The task:
The records below must be output exactly, without pictures.

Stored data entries
▶
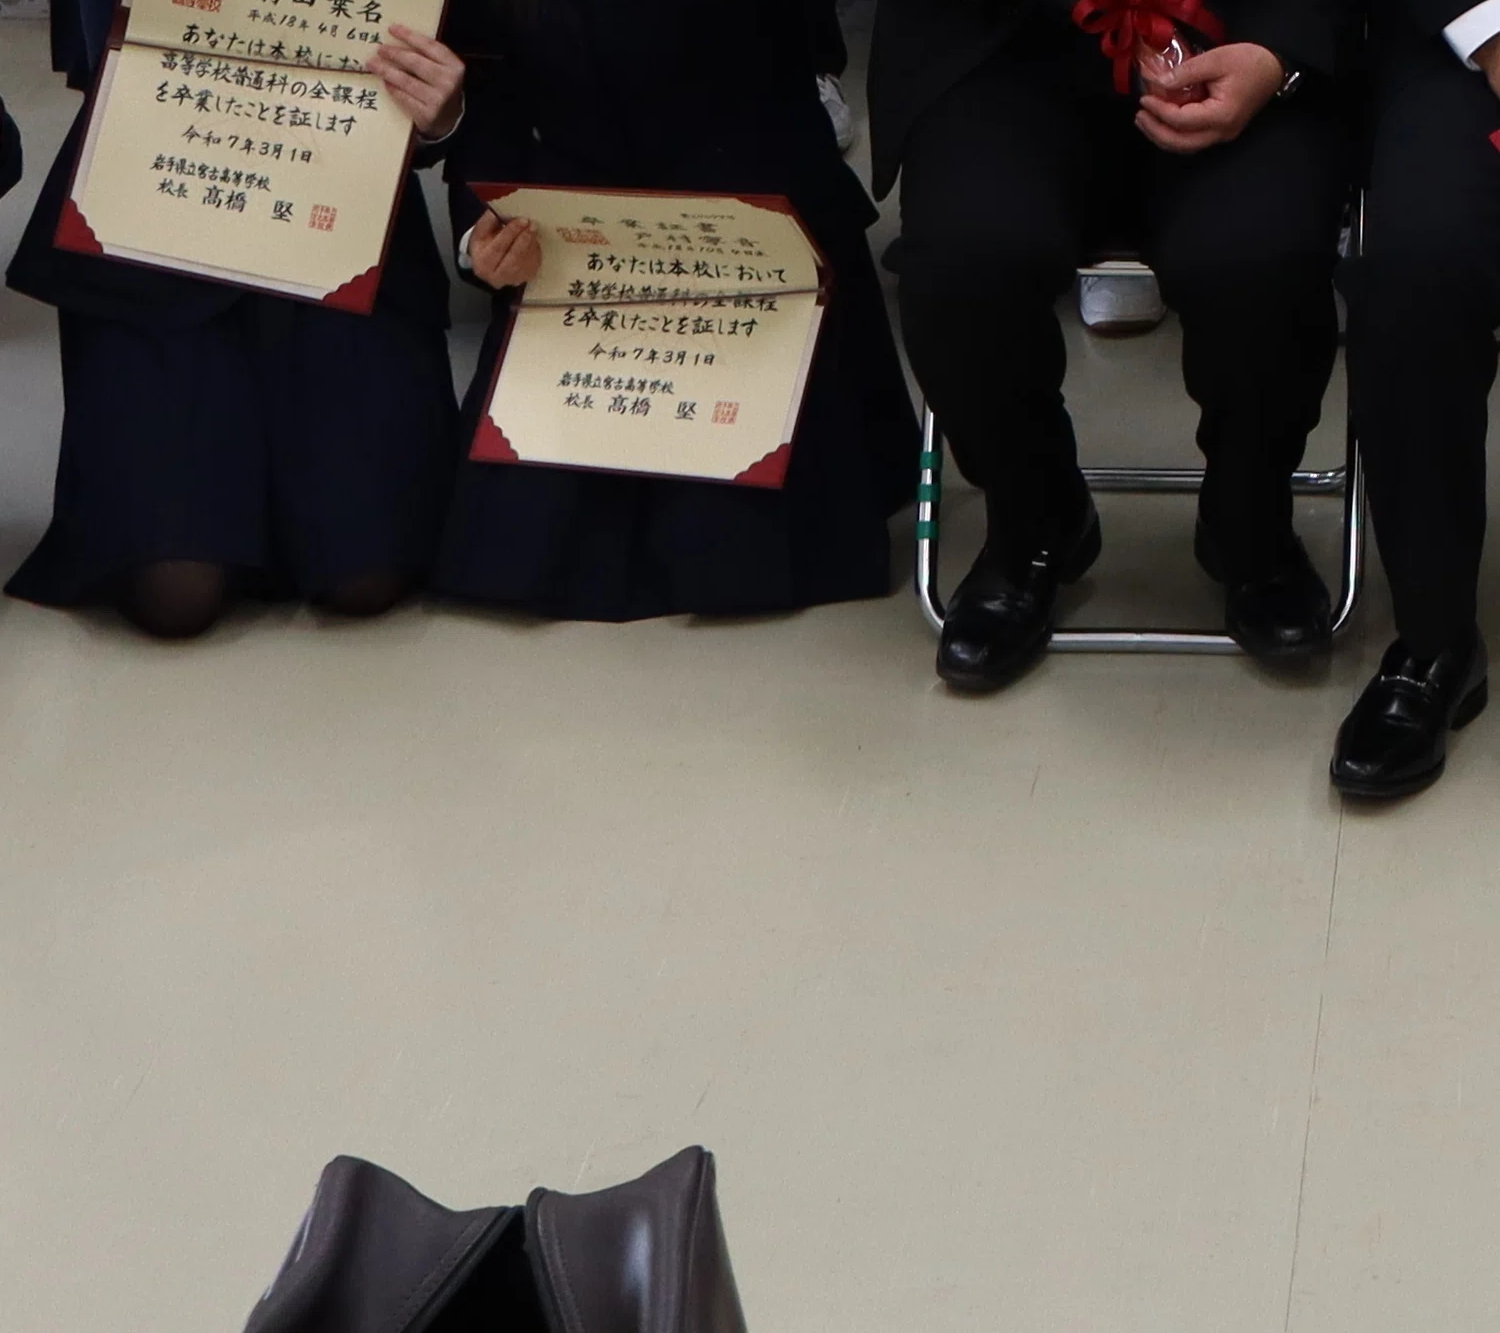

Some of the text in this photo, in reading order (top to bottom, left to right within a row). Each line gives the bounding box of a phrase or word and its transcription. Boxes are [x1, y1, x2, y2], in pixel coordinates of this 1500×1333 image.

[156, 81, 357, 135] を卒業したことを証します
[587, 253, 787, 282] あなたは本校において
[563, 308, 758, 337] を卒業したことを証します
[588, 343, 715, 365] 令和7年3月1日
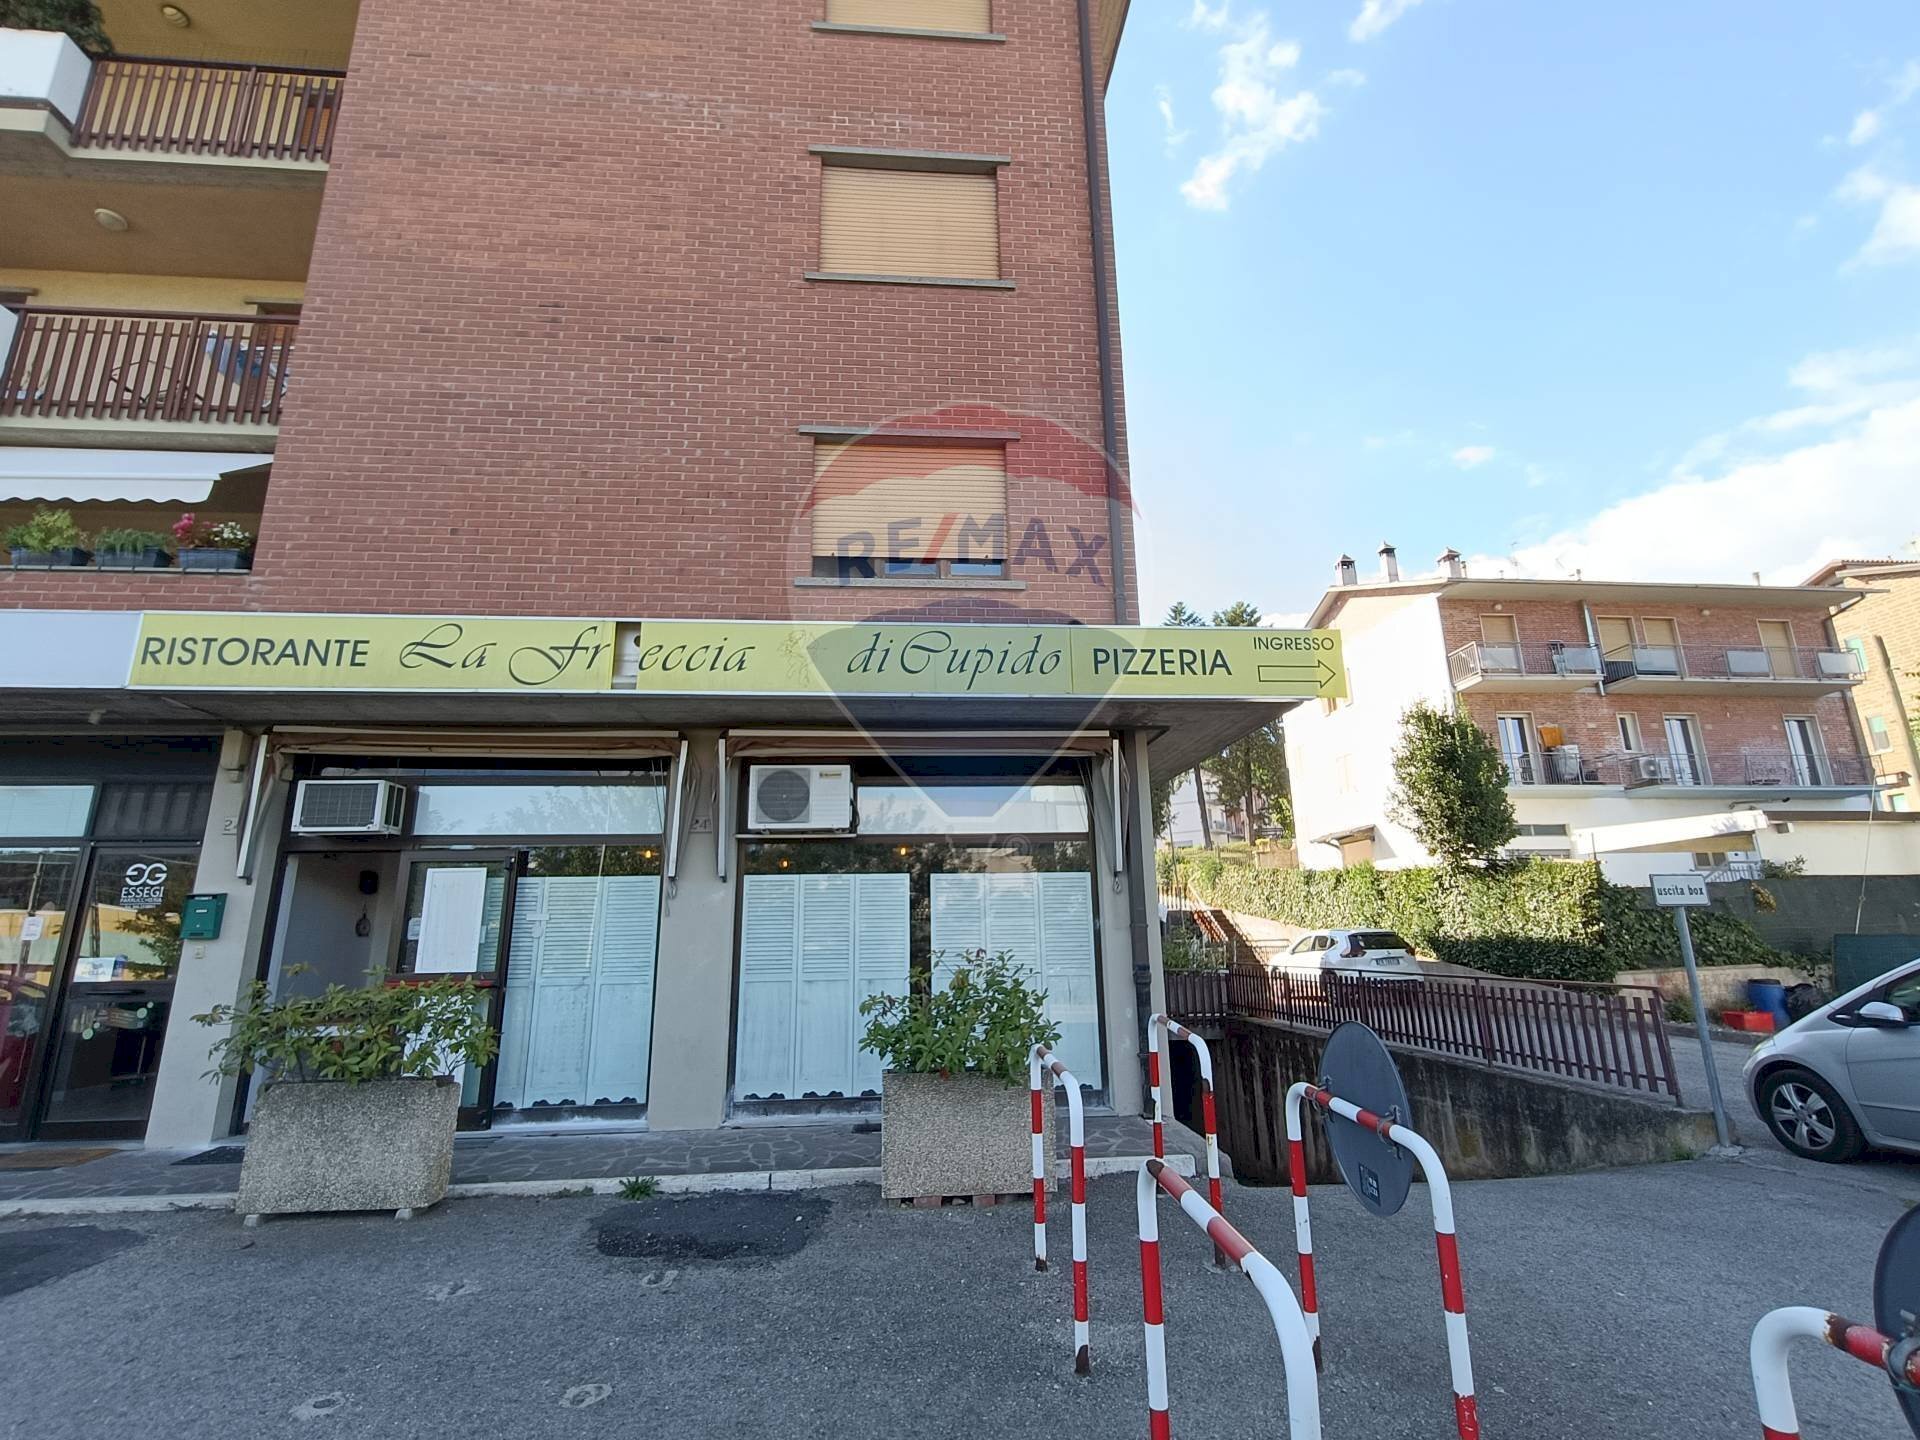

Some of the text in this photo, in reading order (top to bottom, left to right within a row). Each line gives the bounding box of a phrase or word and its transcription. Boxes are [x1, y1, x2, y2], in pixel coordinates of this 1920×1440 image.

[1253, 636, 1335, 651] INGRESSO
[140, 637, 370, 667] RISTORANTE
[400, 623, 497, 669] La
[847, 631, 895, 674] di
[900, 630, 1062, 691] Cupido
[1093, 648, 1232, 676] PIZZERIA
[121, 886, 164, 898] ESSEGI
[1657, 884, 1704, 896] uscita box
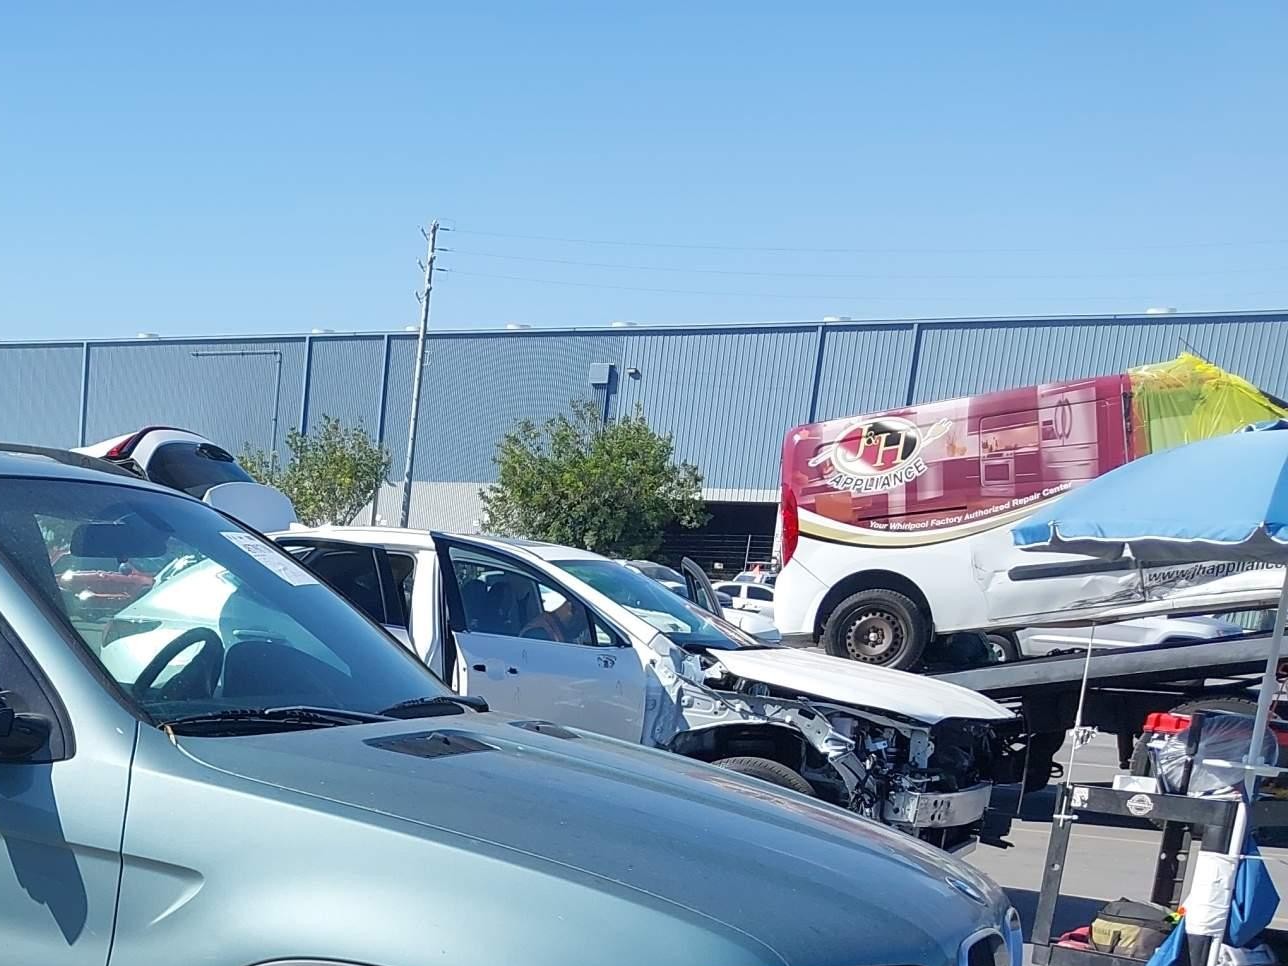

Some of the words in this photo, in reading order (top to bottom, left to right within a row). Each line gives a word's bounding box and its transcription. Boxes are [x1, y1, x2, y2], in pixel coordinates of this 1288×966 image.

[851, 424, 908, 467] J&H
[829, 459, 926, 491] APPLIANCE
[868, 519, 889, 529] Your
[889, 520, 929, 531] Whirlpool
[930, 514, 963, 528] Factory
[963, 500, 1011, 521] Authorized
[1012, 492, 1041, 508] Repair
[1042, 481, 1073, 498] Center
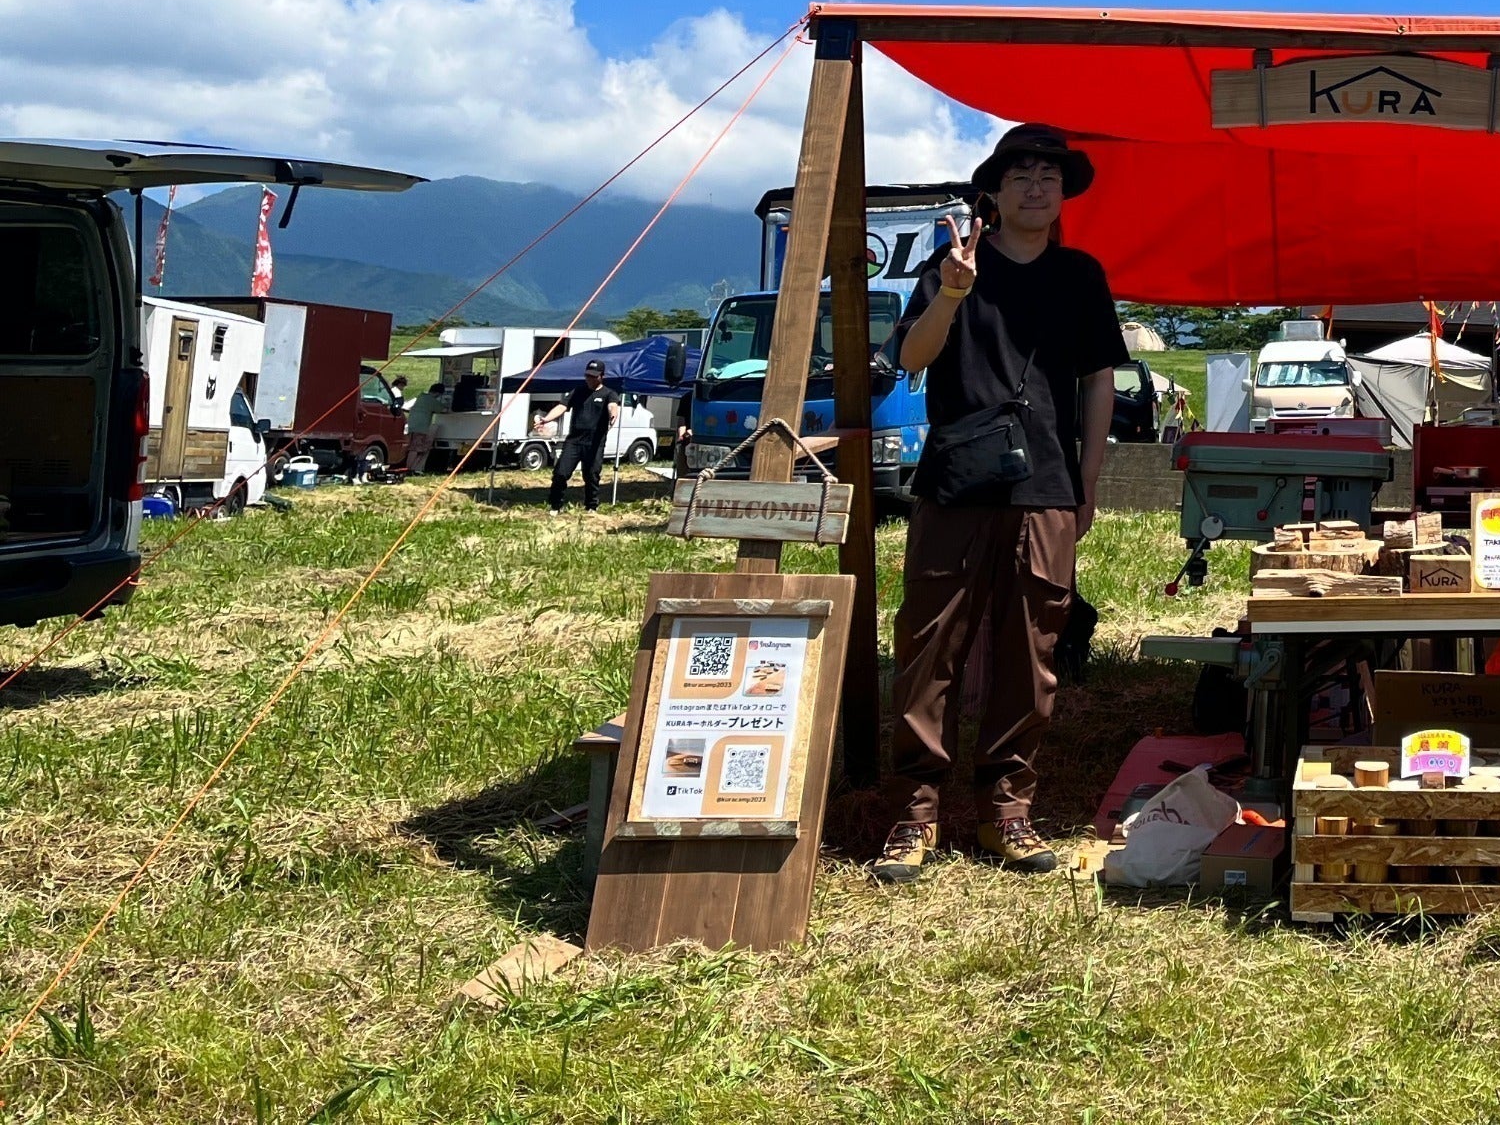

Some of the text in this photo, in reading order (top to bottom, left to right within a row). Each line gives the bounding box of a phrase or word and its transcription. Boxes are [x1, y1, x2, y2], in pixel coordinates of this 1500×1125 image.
◀
Answer to the problem:
Some of the text in this photo, in reading order (top to bottom, left to right within a row). Each line gives the bounding box of a phrase or word and its transcription. Boxes are [x1, y1, x2, y2], in pixel coordinates of this 1500×1333 image.

[156, 81, 357, 135] を卒業したことを証します
[587, 253, 787, 282] あなたは本校において
[563, 308, 758, 337] を卒業したことを証します
[588, 343, 715, 365] 令和7年3月1日

Some of the text in this photo, in reading order (top to bottom, left to right within a row). Each line gives the bounding box of a phrase or word and its transcription. Boxes are [x1, y1, x2, y2], in pixel coordinates of this 1920×1440 image.

[1253, 636, 1335, 651] INGRESSO
[140, 637, 370, 667] RISTORANTE
[400, 623, 497, 669] La
[847, 631, 895, 674] di
[900, 630, 1062, 691] Cupido
[1093, 648, 1232, 676] PIZZERIA
[121, 886, 164, 898] ESSEGI
[1657, 884, 1704, 896] uscita box

Some of the words in this photo, in reading order (top to bottom, left to right within a row). Each line gives a word's bounding box and its transcription. Boxes are [x1, y1, x2, y2], in pixel coordinates of this 1288×966 image.

[851, 424, 908, 467] J&H
[829, 459, 926, 491] APPLIANCE
[868, 519, 889, 529] Your
[889, 520, 929, 531] Whirlpool
[930, 514, 963, 528] Factory
[963, 500, 1011, 521] Authorized
[1012, 492, 1041, 508] Repair
[1042, 481, 1073, 498] Center

Some of the text in this photo, in reading order (top to bottom, left to right within a row). Each line gives the bounding box of a phrase or word and its transcription. Boxes are [x1, y1, x2, y2], in pixel coordinates of this 1500×1125 image.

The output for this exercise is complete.